* What is expected: Your answer must be the full set of records, copied exactly, with no pictures in it.

↓

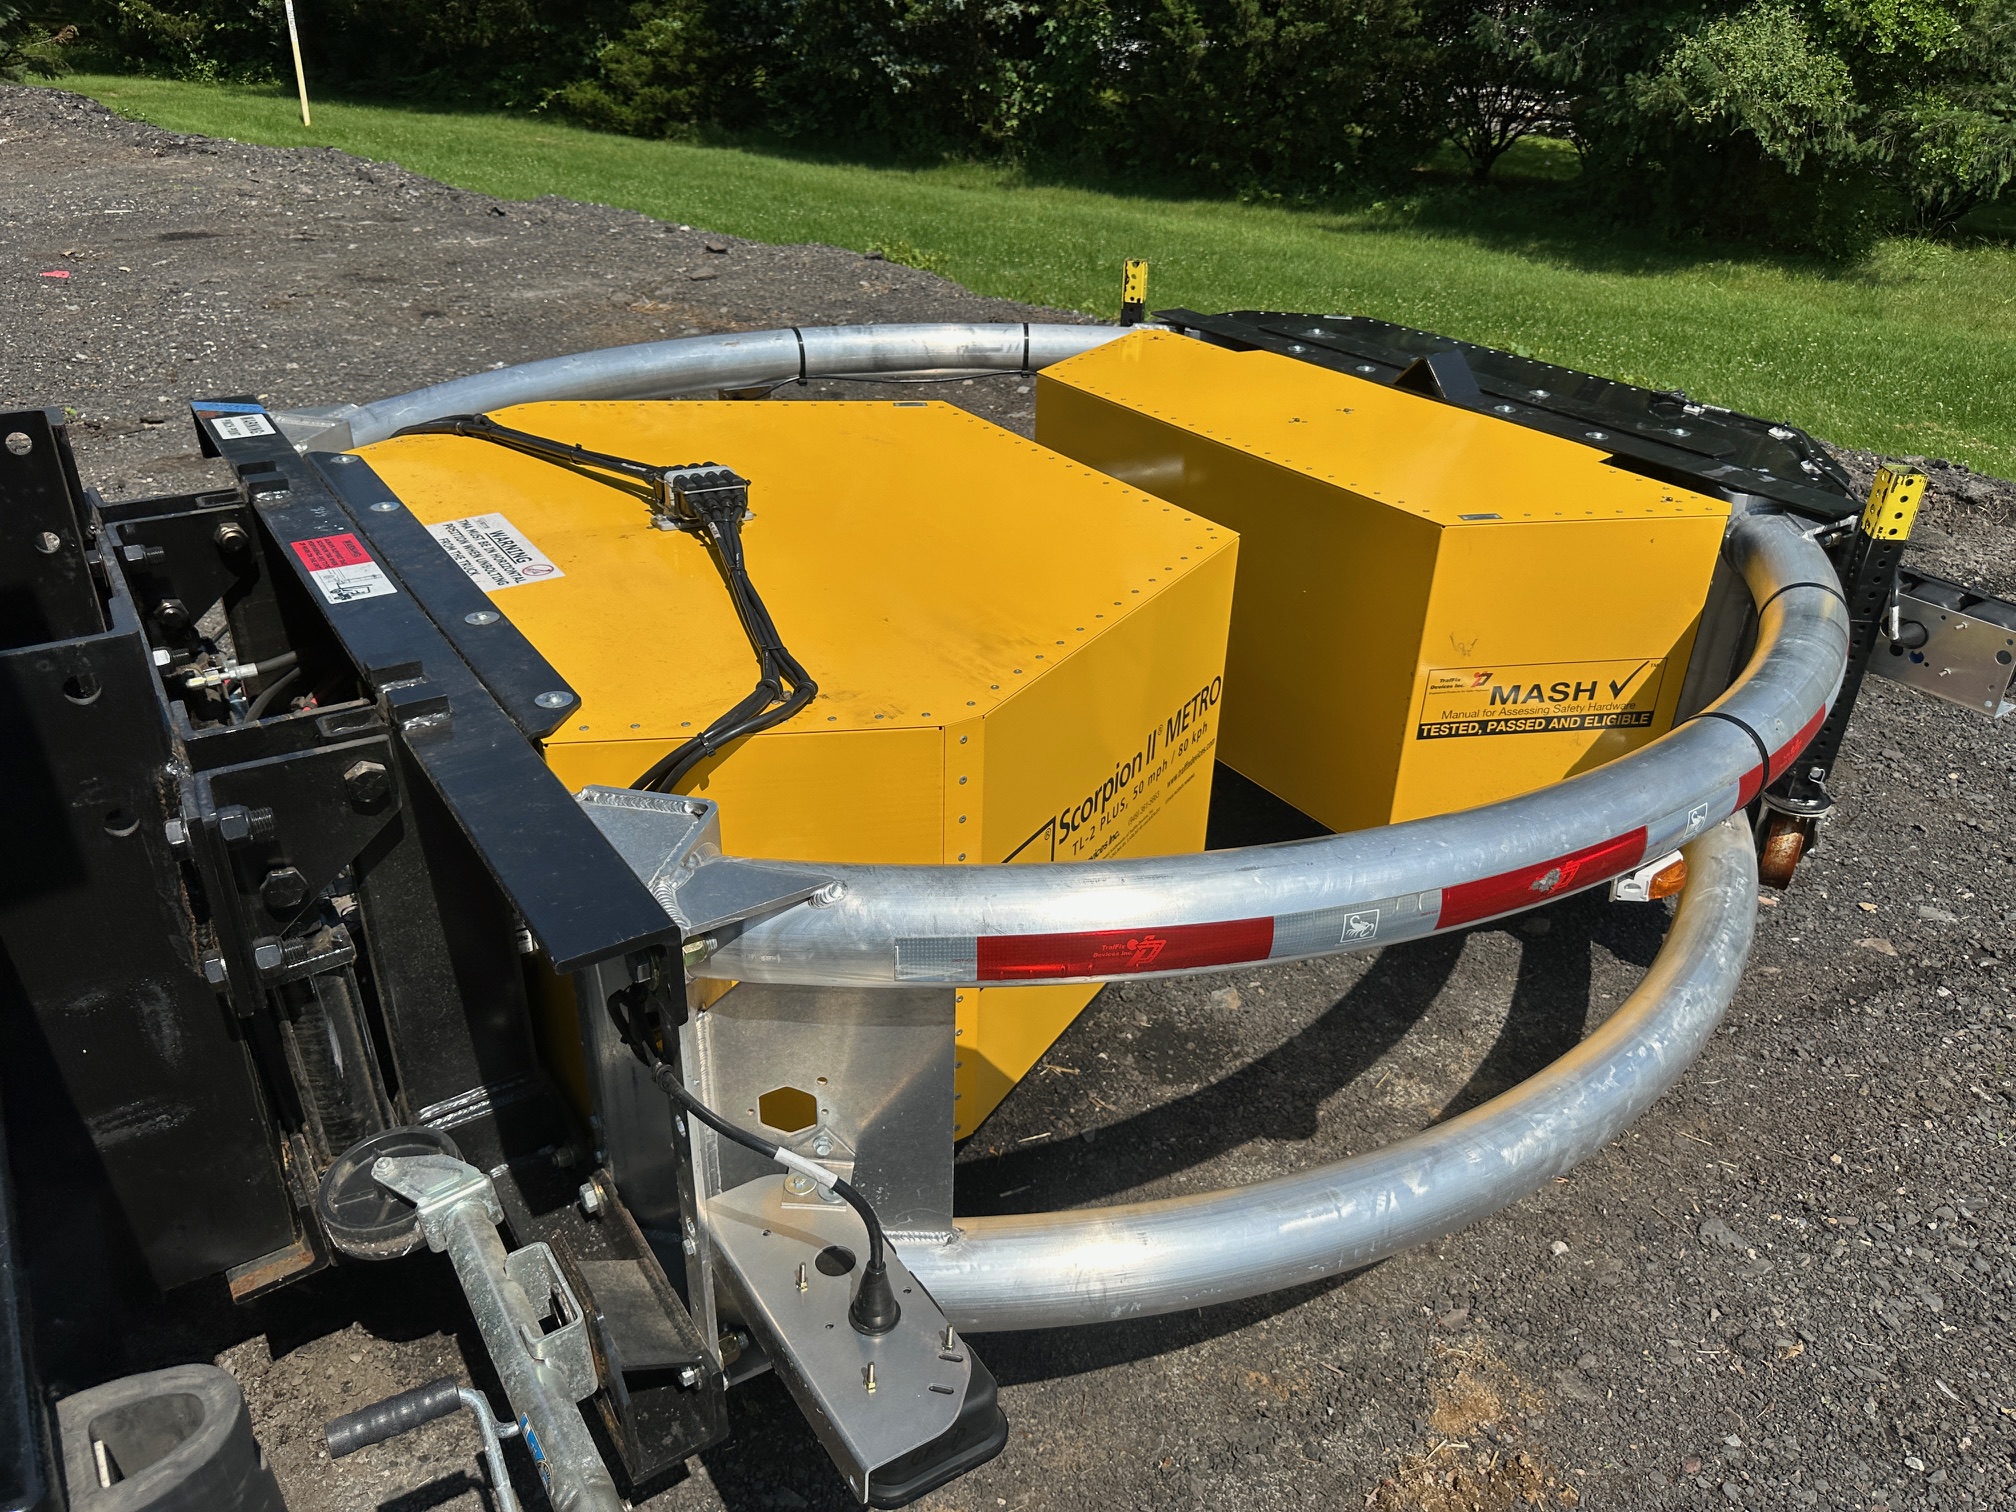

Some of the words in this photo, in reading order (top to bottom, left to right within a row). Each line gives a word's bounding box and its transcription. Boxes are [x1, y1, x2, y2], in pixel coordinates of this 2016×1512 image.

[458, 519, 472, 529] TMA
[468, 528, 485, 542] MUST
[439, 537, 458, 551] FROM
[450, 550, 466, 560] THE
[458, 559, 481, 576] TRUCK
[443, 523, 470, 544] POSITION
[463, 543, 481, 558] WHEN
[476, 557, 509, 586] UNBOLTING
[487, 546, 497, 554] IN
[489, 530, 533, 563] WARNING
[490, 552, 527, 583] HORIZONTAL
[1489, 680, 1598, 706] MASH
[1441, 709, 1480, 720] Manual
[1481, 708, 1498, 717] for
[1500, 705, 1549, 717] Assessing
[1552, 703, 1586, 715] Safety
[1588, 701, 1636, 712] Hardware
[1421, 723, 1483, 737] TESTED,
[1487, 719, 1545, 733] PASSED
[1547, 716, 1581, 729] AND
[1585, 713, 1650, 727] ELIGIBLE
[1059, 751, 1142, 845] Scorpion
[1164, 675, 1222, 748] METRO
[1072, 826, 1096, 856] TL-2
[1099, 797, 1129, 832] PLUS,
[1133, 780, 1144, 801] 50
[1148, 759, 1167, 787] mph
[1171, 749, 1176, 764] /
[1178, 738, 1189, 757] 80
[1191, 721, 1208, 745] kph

↑

* Solution:
Some of the words in this photo, in reading order (top to bottom, left to right within a row). Each line gives a word's bounding box and its transcription. Boxes are [x1, y1, x2, y2], in pixel coordinates of this 2016×1512 image.

[458, 519, 472, 529] TMA
[468, 528, 485, 542] MUST
[439, 537, 458, 551] FROM
[450, 550, 466, 560] THE
[458, 559, 481, 576] TRUCK
[443, 523, 470, 544] POSITION
[463, 543, 481, 558] WHEN
[476, 557, 509, 586] UNBOLTING
[487, 546, 497, 554] IN
[489, 530, 533, 563] WARNING
[490, 552, 527, 583] HORIZONTAL
[1489, 680, 1598, 706] MASH
[1441, 709, 1480, 720] Manual
[1481, 708, 1498, 717] for
[1500, 705, 1549, 717] Assessing
[1552, 703, 1586, 715] Safety
[1588, 701, 1636, 712] Hardware
[1421, 723, 1483, 737] TESTED,
[1487, 719, 1545, 733] PASSED
[1547, 716, 1581, 729] AND
[1585, 713, 1650, 727] ELIGIBLE
[1059, 751, 1142, 845] Scorpion
[1164, 675, 1222, 748] METRO
[1072, 826, 1096, 856] TL-2
[1099, 797, 1129, 832] PLUS,
[1133, 780, 1144, 801] 50
[1148, 759, 1167, 787] mph
[1171, 749, 1176, 764] /
[1178, 738, 1189, 757] 80
[1191, 721, 1208, 745] kph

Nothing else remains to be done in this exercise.